制裁を加えると言うよりはお灸を据える、と言った程度だと自分は思っていたが皆それぞれに考えがあるようだった。
「これが原因でハウスに立入禁止になったら元も子もないわけだし、ボビーやダンとかも疎遠になっちゃうよ」
「それよっか、リサと会えなくなったらどうすんだよ。ジミーたちと俺たちだけの問題なんだから、他のヤツらは巻き込んじゃダメだぜ」
もっともである。他で仲良くしている連中には迷惑をかけたくない。
「じゃあ、誰かに間に入ってもらって仲裁してもらうとか…」
「誰かって、そんなヤツ周りにいるかよ」
「そこまで説得力っていうか、力のあるヤツなんていねぇだろう」
少し考えてみても特に見当たらない。
知り合いで思い浮かぶ連中は決闘を主張しそうなヤツばかりである。
「じゃあさ、ウイリーに頼んでみれば?」小声で提案したブースケに冷めた視線が集まった。

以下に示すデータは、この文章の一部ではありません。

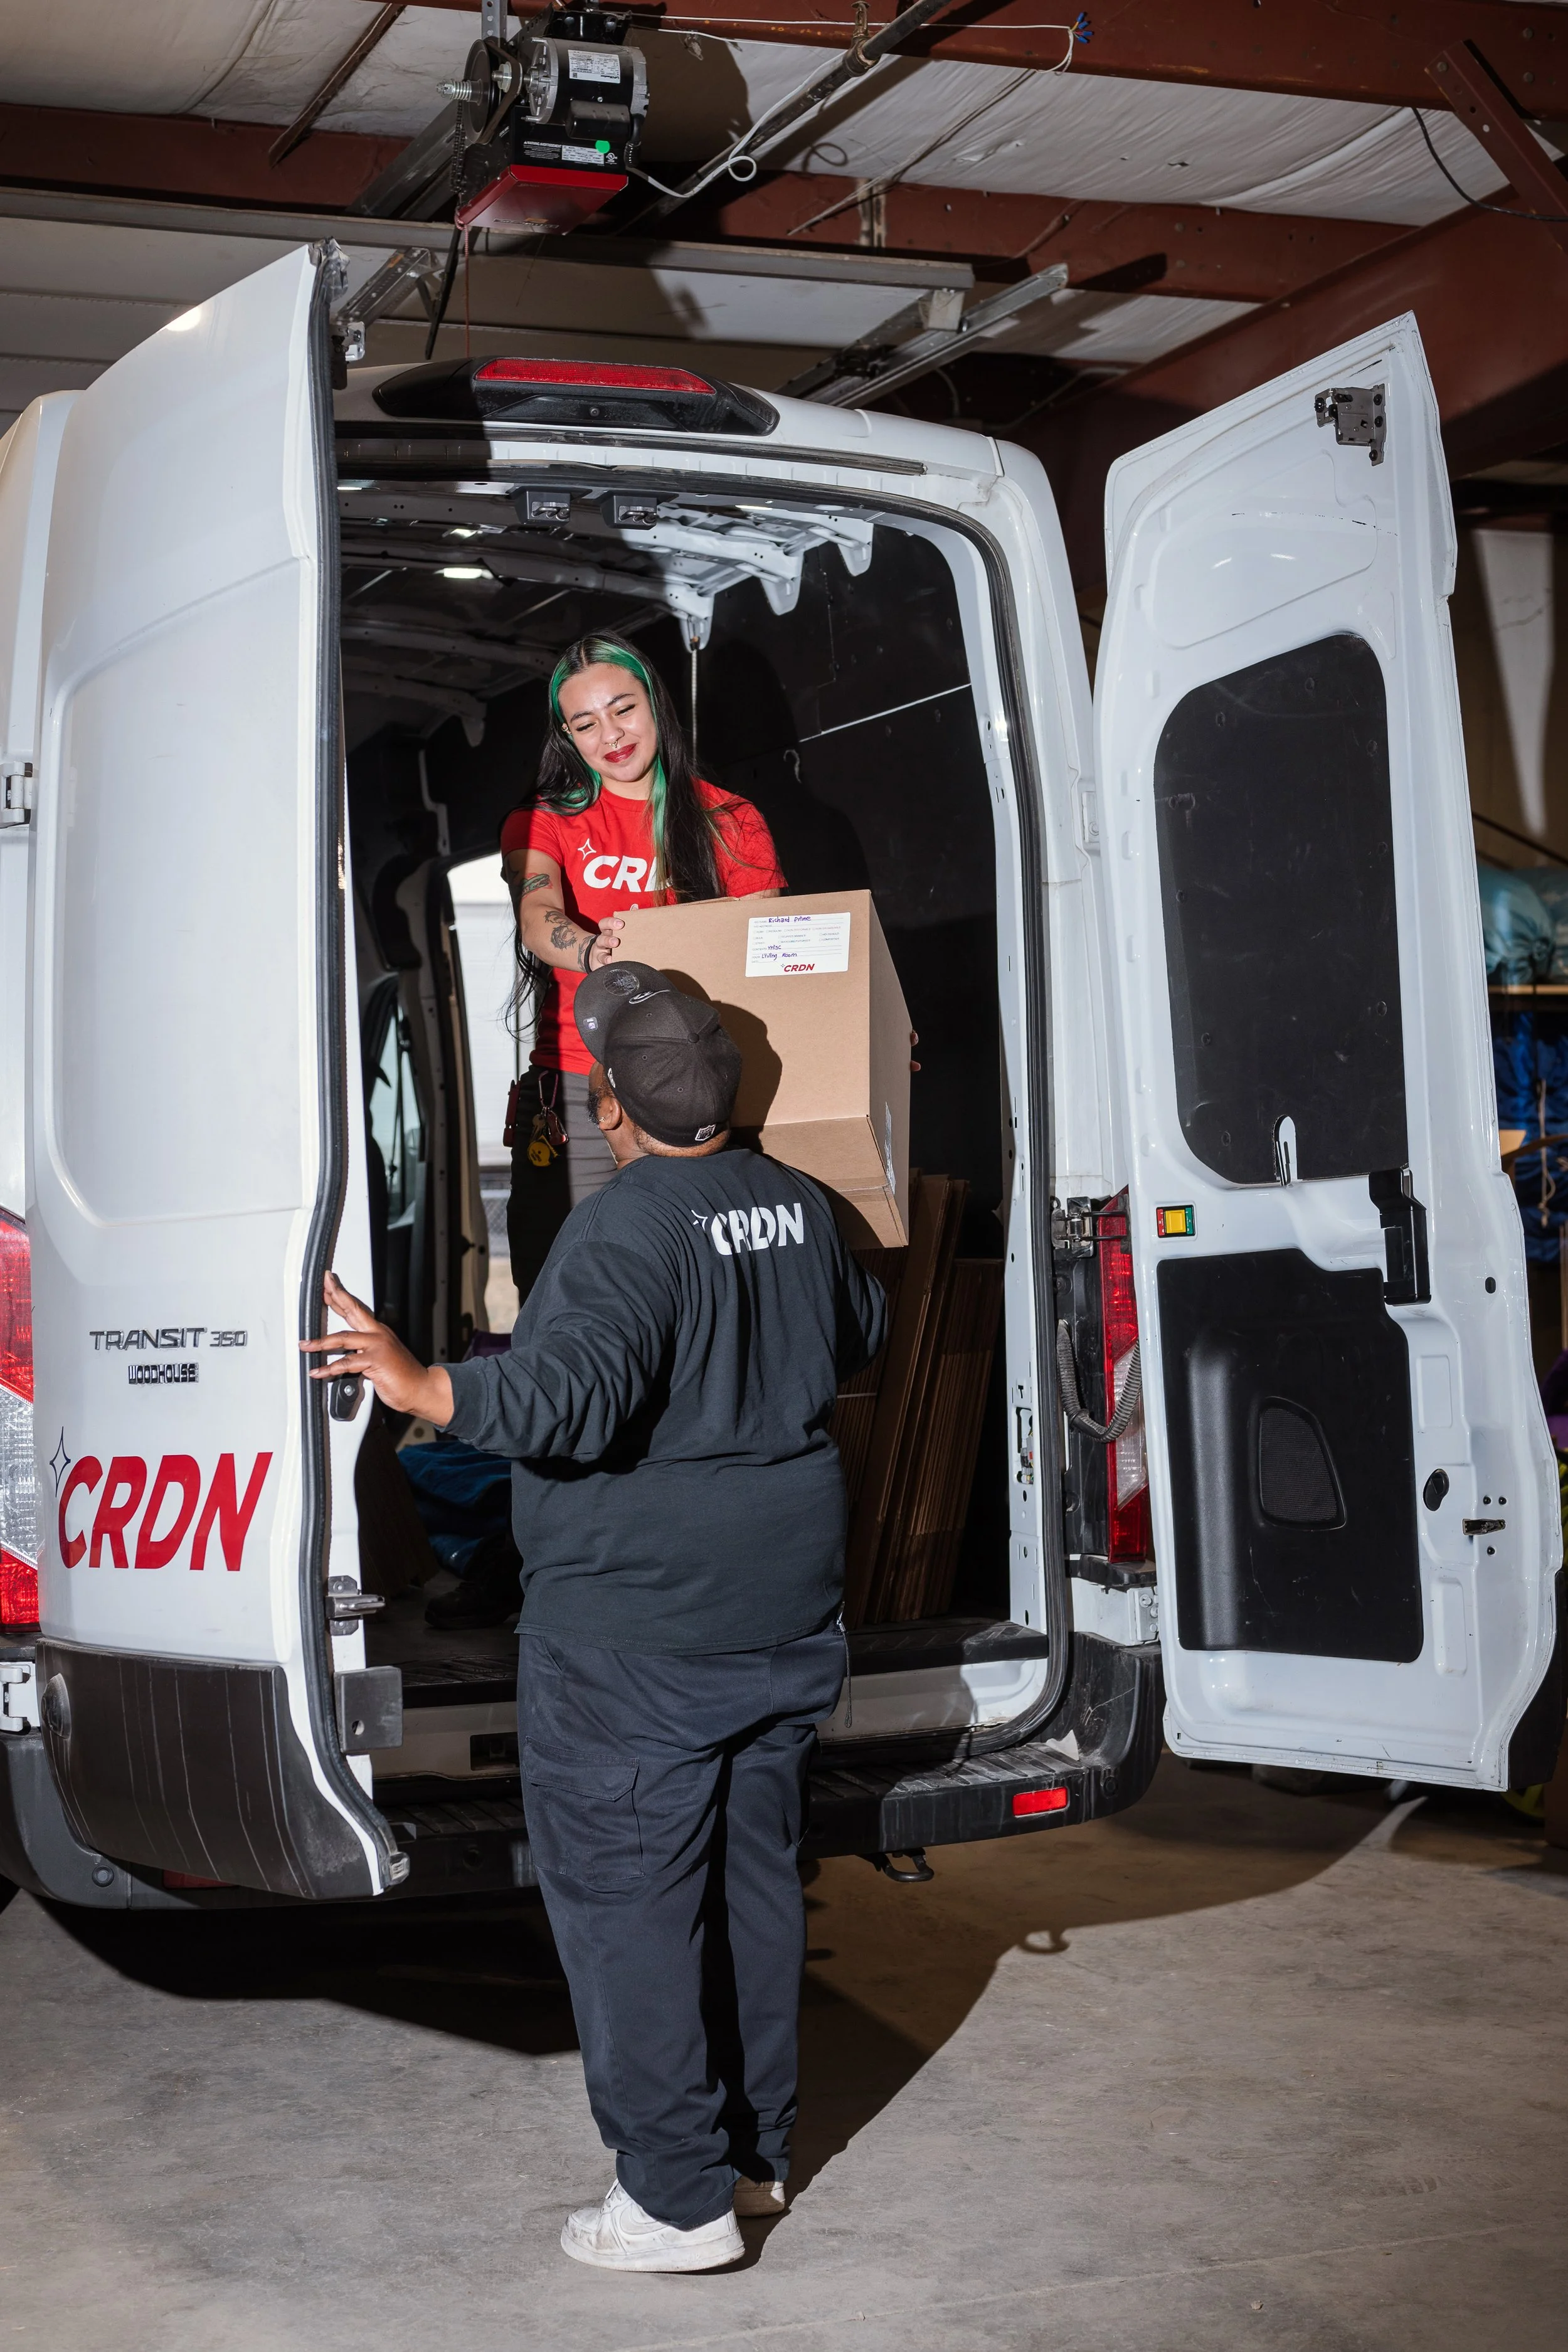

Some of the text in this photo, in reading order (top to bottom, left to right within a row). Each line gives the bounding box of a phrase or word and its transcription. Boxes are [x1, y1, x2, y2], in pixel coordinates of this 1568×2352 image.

「そりゃいい案だ、ってなわけねぇだろ! ヤツが関わるわけないだろうし、だいいち誰が頼みに行くんだよ。お前が行くって言うなら考えてやってもいいがな」
「…… そんなぁ … 。ただちょっと思いついただけだよ … 」
 一瞬、適任か、とは思ったが無理に決まっている。
「お前らが蒔いた種なんだからお前らでカタつけろよ」と言われるのがオチであろう。
相談だけしてみるにしても、これ以上ウイリーに借りを作るのは気が進まなかった。
と言うか、ウイリーが関わったら、それこそただ事じゃ済まなくなるだろう。